If the volume isn't fully encrypted, we need to unbind it. What's actually happening here is that BitLocker's key protector (the piece that ties the volume to the TPM or a password) exists, but the volume's encryption metadata is incomplete. Windows blocks a second bind because it sees the protector.

From an elevated Command Prompt, run:

manage-bde -protectors -delete X: -type tpm

Replace X: with your actual drive letter. This removes the TPM protector without touching your data. Then verify:

manage-bde -status

You should see Key Protectors: None Found for that volume. Now you can re-enable BitLocker cleanly:

manage-bde -on X:

If you get an error about missing metadata, the volume's BitLocker header is corrupted. That's rare, but it happens after failed updates or disk clone operations. In that case, you'll need the longer fix below.

One gotcha: if the error says The volume is already bound to the system while you're trying to disable BitLocker, you need to use -protectors -delete -all on that volume first. That clears every protector, including the one causing the false binding state.

The 15+ minute fix: Force decryption and clean the volume header

This fix is for when manage-bde refuses to cooperate—maybe it throws The volume is already bound to the system even after deleting protectors, or you get The system cannot find the file specified when running manage-bde commands. The reason step 3 works is that a BitLocker volume header can get stuck in a semi-bound state, and the only way to reset it is to disable BitLocker entirely using the registry or a forced decryption.

Step 1: Backup your data.

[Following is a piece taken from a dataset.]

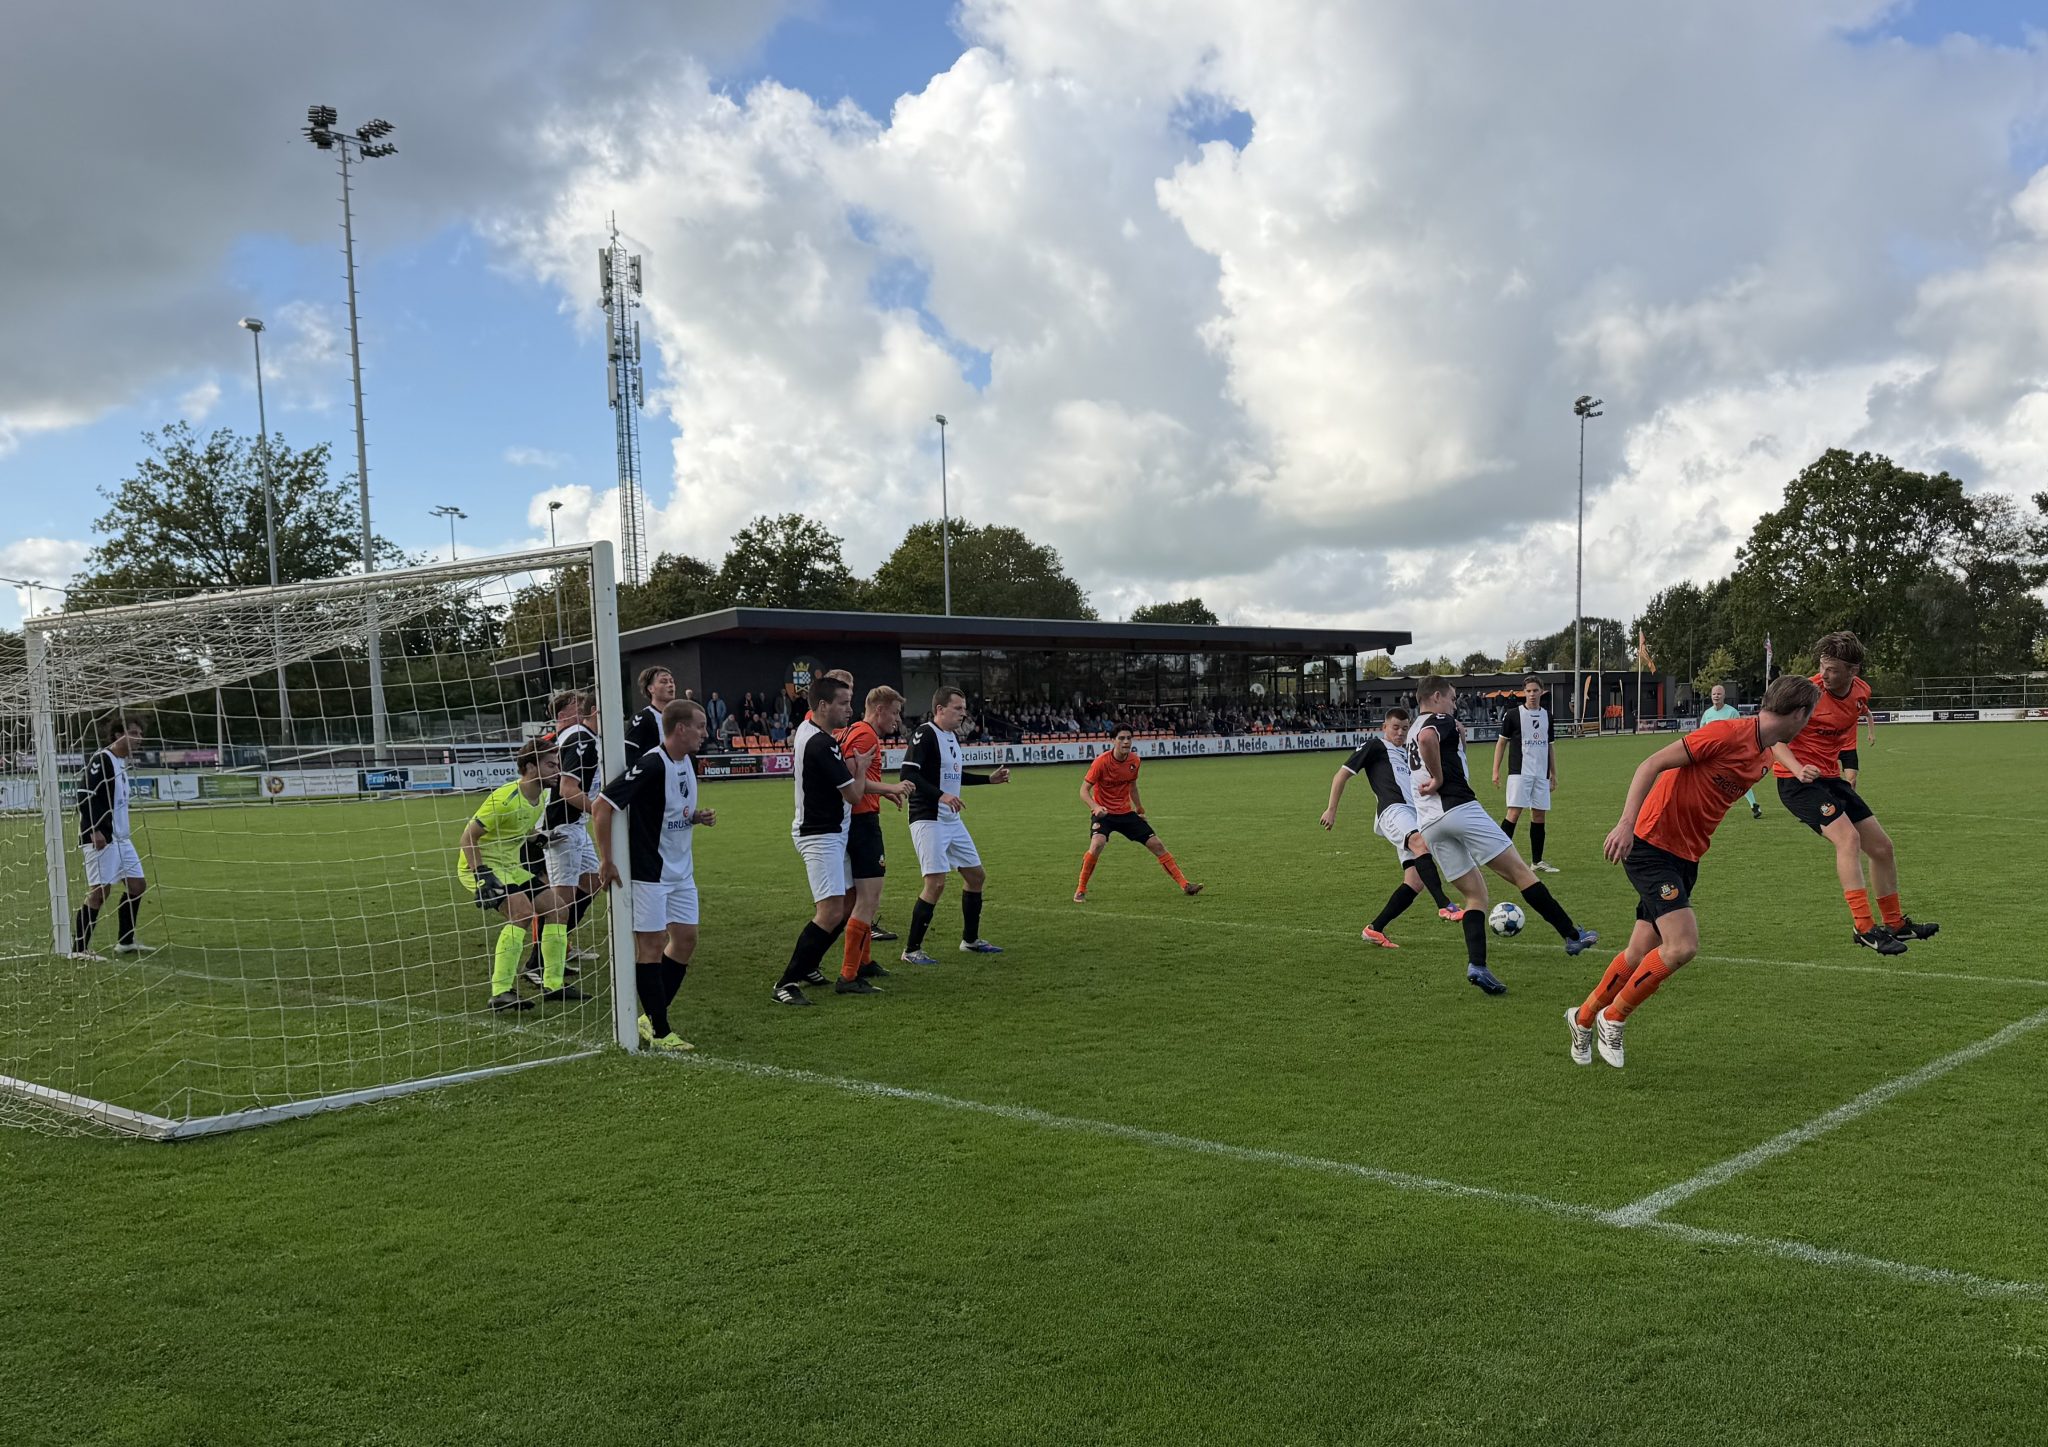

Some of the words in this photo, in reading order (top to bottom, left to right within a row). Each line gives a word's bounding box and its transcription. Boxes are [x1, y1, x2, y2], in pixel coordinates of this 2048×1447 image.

I mean it. The next command will mark the volume for decryption, but if the header is corrupt, you might lose access. Boot from a Linux live USB to copy files off if you're unsure.

Step 2: Force decryption via registry. Open Regedit as Admin, go to:

HKEY_LOCAL_MACHINE\SYSTEM\CurrentControlSet\Services\FVE\Volumes\{Volume GUID}

To find the GUID, run manage-bde -status and note the volume ID. Delete the entire key for that volume. This removes BitLocker's metadata from the OS's perspective. Reboot.

Step 3: Use diskpart to clean the partition. If the registry fix didn't work, the header is physically on disk. Open admin Command Prompt, run:

diskpart
list volume
select volume X
attributes volume clear hidden noerr
clean

Warning: This wipes the entire partition table entry. You'll need to recreate the volume afterward. The clean command removes the partition's metadata, including the bound state. This is the nuclear option—use it only if you've confirmed your data is backed up.

Step 4: Re-encrypt the drive. After the clean, the volume no longer exists. Create a new simple volume (or restore from backup), then run:

manage-bde -on X:

That'll set up a fresh binding with no prior state.

The core mechanic: BitLocker uses a structured header at the start of the partition to store protector information. When the header says bound but encryption isn't complete, Windows's FVE driver rejects any new binding operation. The only way to reset is to either delete the protector (manage-bde), delete the registry entry (if the header is intact but OS metadata is stale), or wipe the header itself (diskpart clean). Each step is more aggressive because the system's tolerance for corruption varies.

If none of this works, your drive might have hardware issues—bad sectors in the BitLocker metadata area can cause this error. Run chkdsk X: /f first to rule that out. But 95% of the time, the 5-minute fix with manage-bde -protectors -delete resolves it.